Things with more application logic (aka business rules) should go into their own libraries, decoupled from the framework or ORM. This leaves the models with no extra dependencies apart from the ORM, and make the code implementing the application logic easier to test and modify.

I like this idea very much, but it seems often quite hard to put it in practice, because most web frameworks encourage coupling with its APIs. I'm yet to see a framework that really encourages this kind of separation of concerns. Even the so-called micro-frameworks often fall in this trap.

My feeling is that you need extra discipline to use this architecture.

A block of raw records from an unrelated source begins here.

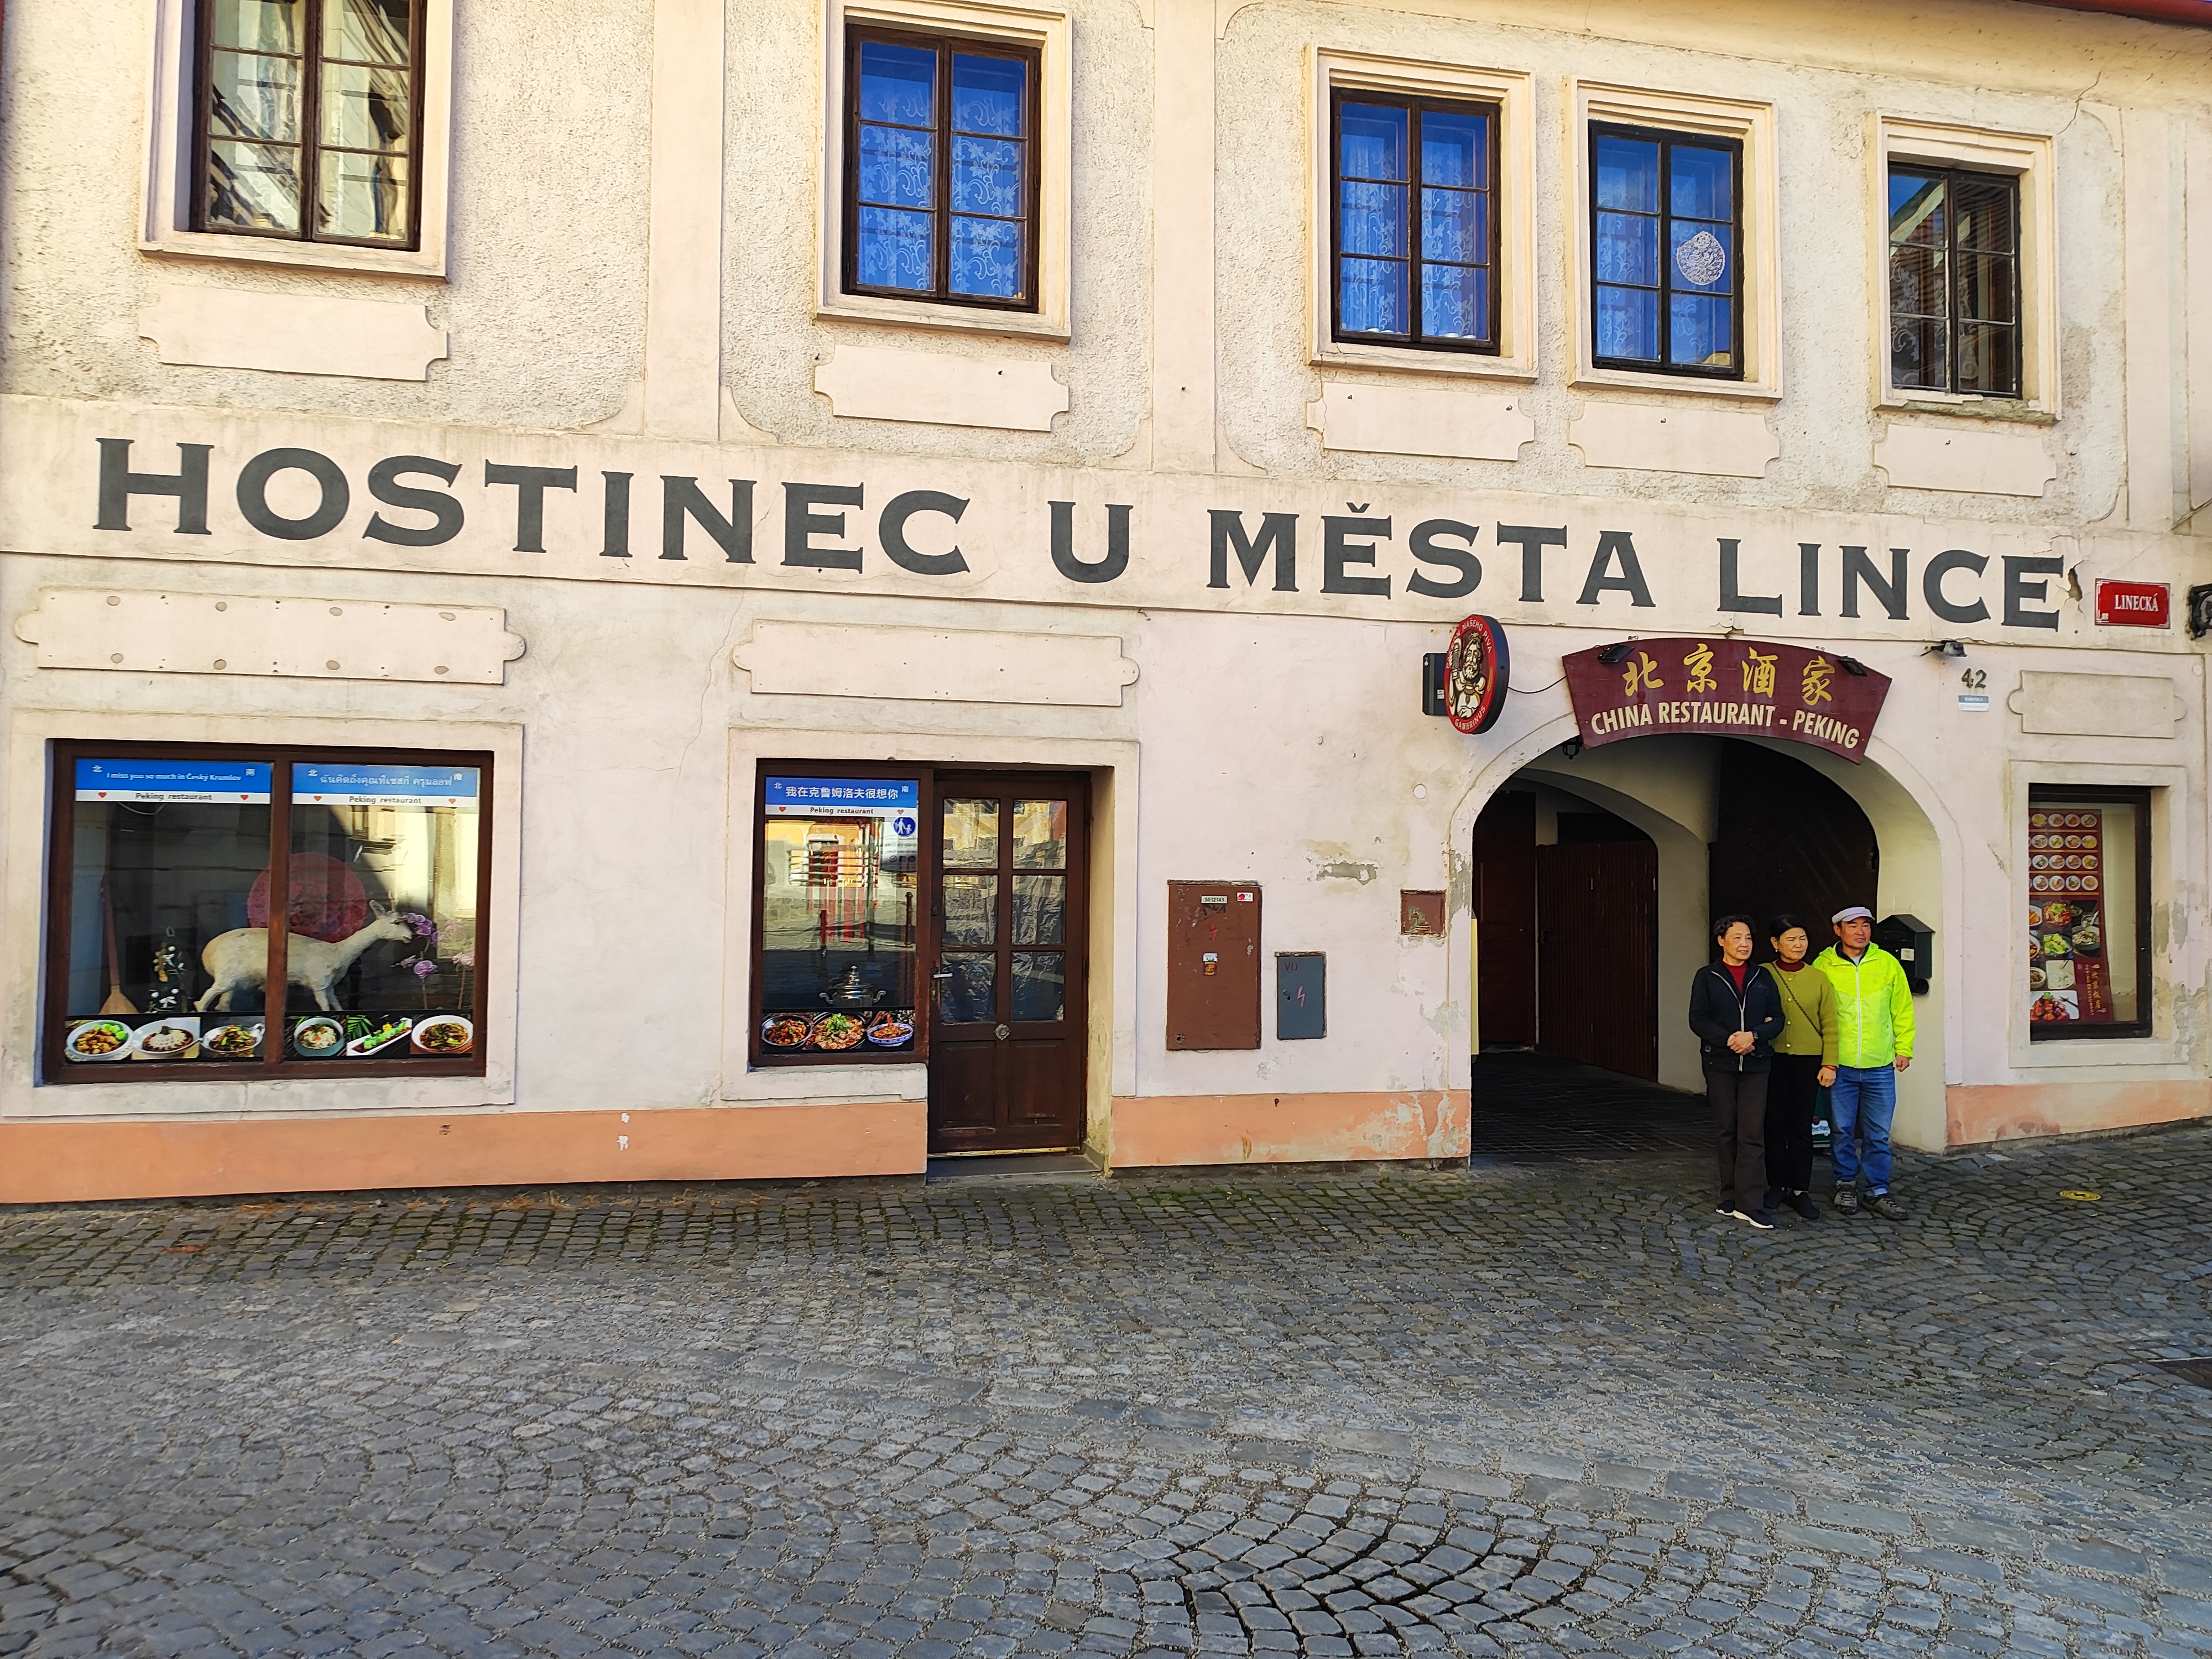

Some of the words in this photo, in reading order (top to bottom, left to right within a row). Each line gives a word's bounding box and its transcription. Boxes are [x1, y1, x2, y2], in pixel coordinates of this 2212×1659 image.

[93, 437, 970, 575] HOSTINEC
[1047, 501, 1134, 583] U
[1207, 502, 1656, 608] MĚSTA
[1717, 538, 2064, 632] LINCE
[2114, 592, 2159, 612] LINECKÁ
[1482, 630, 1492, 654] PIVA
[1622, 643, 1835, 706] 北京酒家
[1961, 667, 1987, 689] 42
[1454, 705, 1485, 730] GAMBRINUS
[1591, 703, 1653, 735] CHINA
[1658, 701, 1776, 727] RESTAURANT
[1792, 709, 1860, 749] PEKING
[135, 792, 164, 801] Peking
[349, 796, 376, 805] Peking
[785, 786, 899, 800] 我在克鲁姆洛夫很想你
[810, 806, 834, 815] Peking
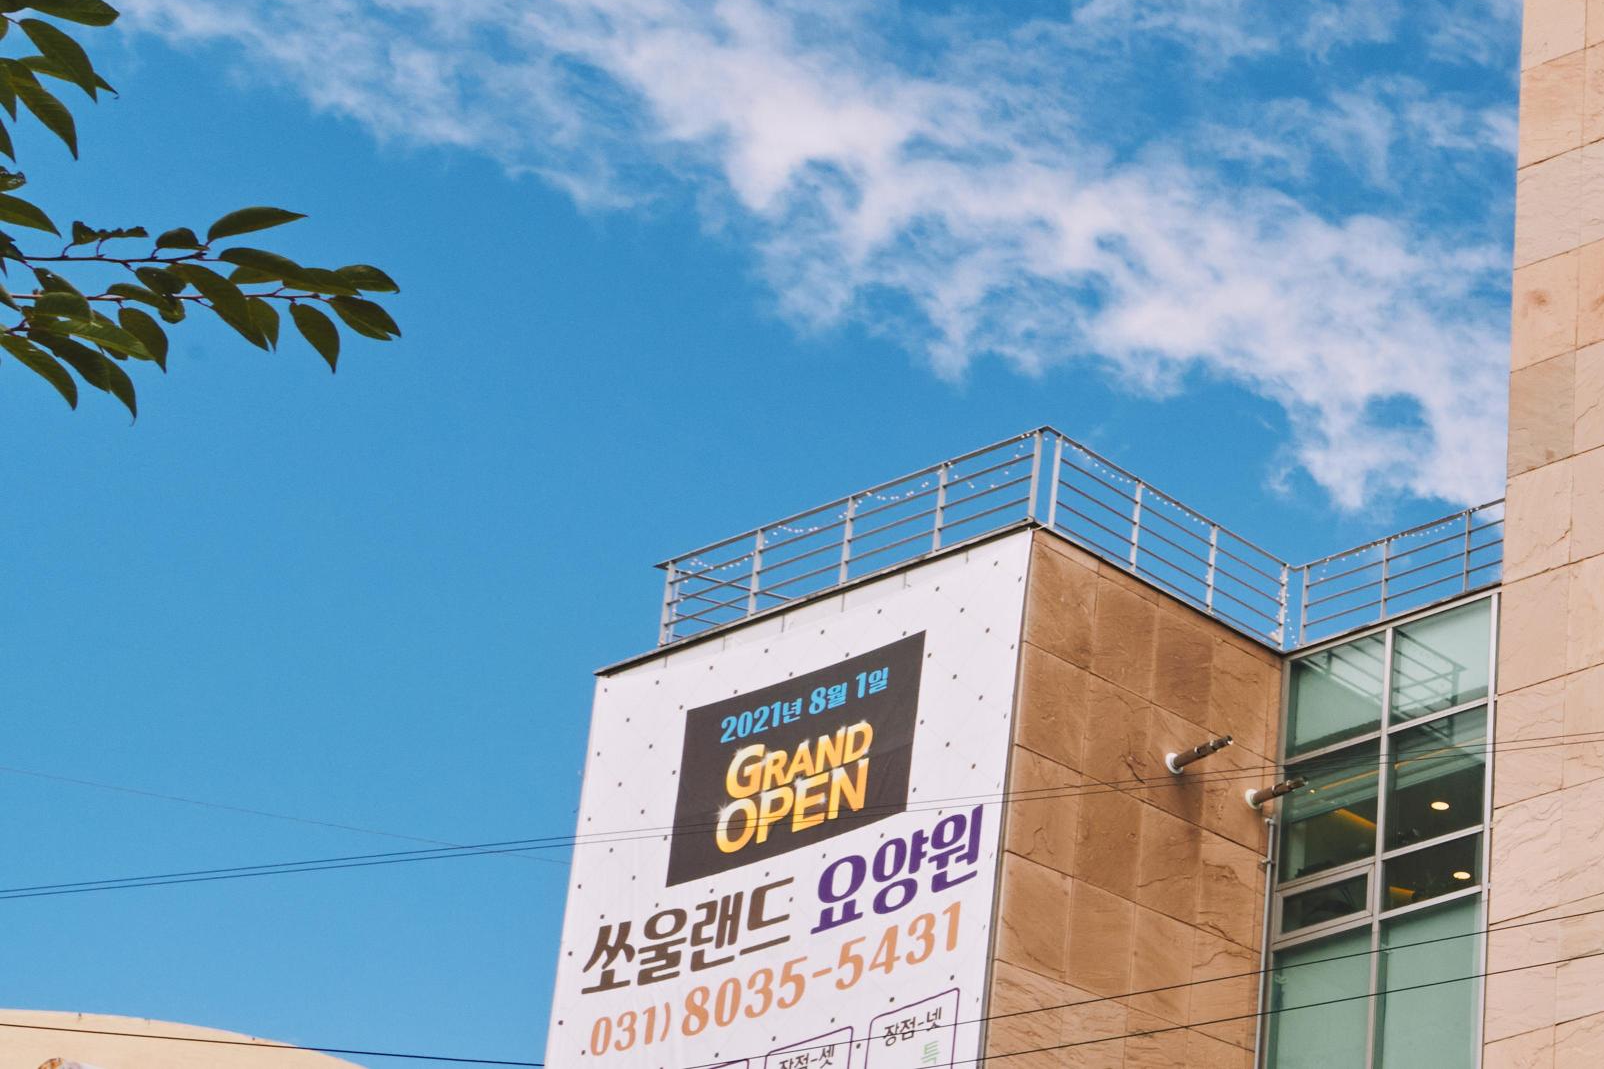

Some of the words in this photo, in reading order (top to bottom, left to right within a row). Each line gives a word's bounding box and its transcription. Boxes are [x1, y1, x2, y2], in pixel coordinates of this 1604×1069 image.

I think there is a complexity threshold for deciding when the effort will pay off.

Outside-in TDD

I already mentioned outside-in TDD in the summary for the second season, when Gary talked about spiking.

Here he shows two approaches to do it:

  1. stubbing dependencies: here you program by wishful thinking, and design the dependencies by stubbing them out (i.e. using mocks to define the interaction with the code not yet implemented).

  2. stash (using Git): implement a feature, but instead of stubbing a wished feature, stash the current code (i.e. set apart the current code via git stash), test and implement the wished feature TDD-style, commit it, unstash the previous code (git stash pop), finish implementing test with the newly developped code and then commit it.

Both approaches are valid and result in equivalent granularities, but the order of commits will be different (with stubbing, the order will be more like top-down) and tests with the stub approach tend to be more isolated.

Testing code that calls HTTP APIs

Here is a cool idea: consider external HTTP APIs like “databases”, and test your wrapper code mocking the HTTP interactions with a tool to replay interactions like you would test with a fake database.

There is a neat tool for doing this called vcr which is written in Ruby, there is a Python port called vcrpy.

What this VCR tool does is: it records HTTP requests into a "cassette" (an YAML file) to replay the requests later from it when running the tests and then checks if the requests match the expected ones from the cassete file.

This makes the tests verify at the boundary of your app with the external HTTP API, which is arguably more reliable than verifying interactions with proxy objects (see this talk for about this idea of boundaries.)

Here is the introduction for vcrpy:

VCR.py simplifies and speeds up tests that make HTTP requests. The first time you run code that is inside a VCR.py context manager or decorated function, VCR.py records all HTTP interactions that take place through the libraries it supports and serializes and writes them to a flat file (in yaml format by default). This flat file is called a cassette. When the relevant piece of code is executed again, VCR.py will read the serialized requests and responses from the aforementioned cassette file, and intercept any HTTP requests that it recognizes from the original test run and return the responses that corresponded to those requests.

I've recently started using vcrpy, and I like the approach. However, I'm not sure about

One possible drawback of this approach is that the library must support the HTTP library you're using, to be able to intercept the requests -- VCR.py currently lacks support for Twisted Web Client.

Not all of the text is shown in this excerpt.